Write out the data word for word, taking care that no picture is carried over.

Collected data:
━━━━━━━━━━

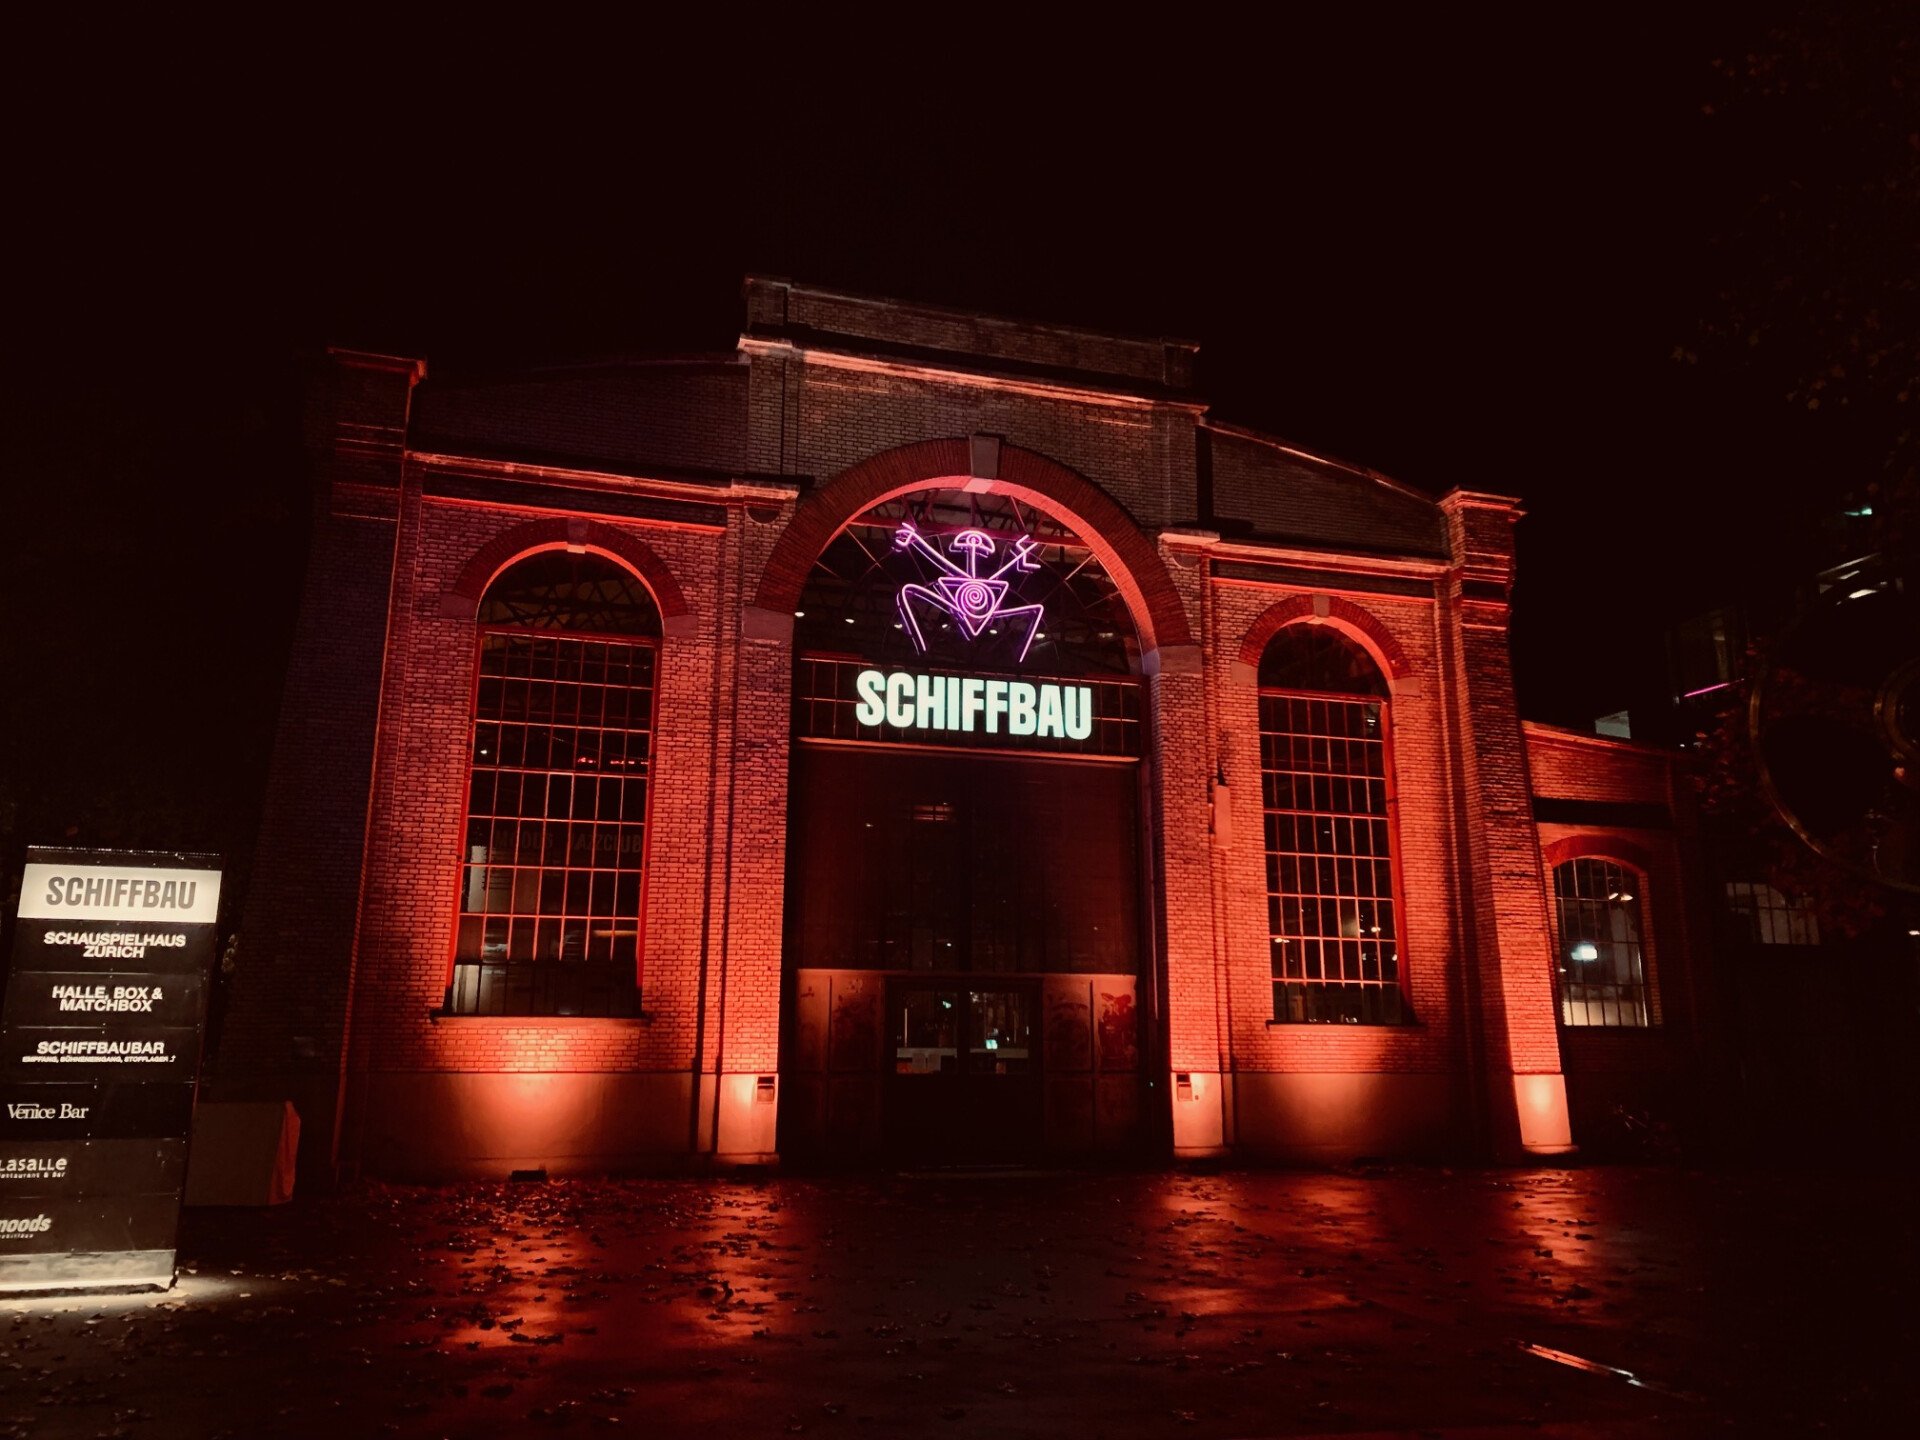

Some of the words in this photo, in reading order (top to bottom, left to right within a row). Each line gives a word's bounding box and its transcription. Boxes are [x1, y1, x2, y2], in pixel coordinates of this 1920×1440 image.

[855, 669, 1092, 740] SCHIFFBAU
[46, 876, 197, 910] SCHIFFBAU
[44, 931, 187, 948] SCHAUSPIELHAUS
[52, 985, 109, 1001] HALLE,
[114, 986, 149, 1000] BOX
[151, 987, 163, 1001] &
[59, 998, 153, 1012] MATCHBOX
[37, 1041, 165, 1055] SCHIFFBAUBAR
[7, 1103, 56, 1119] Venice
[59, 1103, 89, 1119] Bar

━━━━━━━━━━

• ANSWER TO THE EXERCISE
Some of the words in this photo, in reading order (top to bottom, left to right within a row). Each line gives a word's bounding box and its transcription. Boxes are [x1, y1, x2, y2], in pixel coordinates of this 1920×1440 image.

[855, 669, 1092, 740] SCHIFFBAU
[46, 876, 197, 910] SCHIFFBAU
[44, 931, 187, 948] SCHAUSPIELHAUS
[52, 985, 109, 1001] HALLE,
[114, 986, 149, 1000] BOX
[151, 987, 163, 1001] &
[59, 998, 153, 1012] MATCHBOX
[37, 1041, 165, 1055] SCHIFFBAUBAR
[7, 1103, 56, 1119] Venice
[59, 1103, 89, 1119] Bar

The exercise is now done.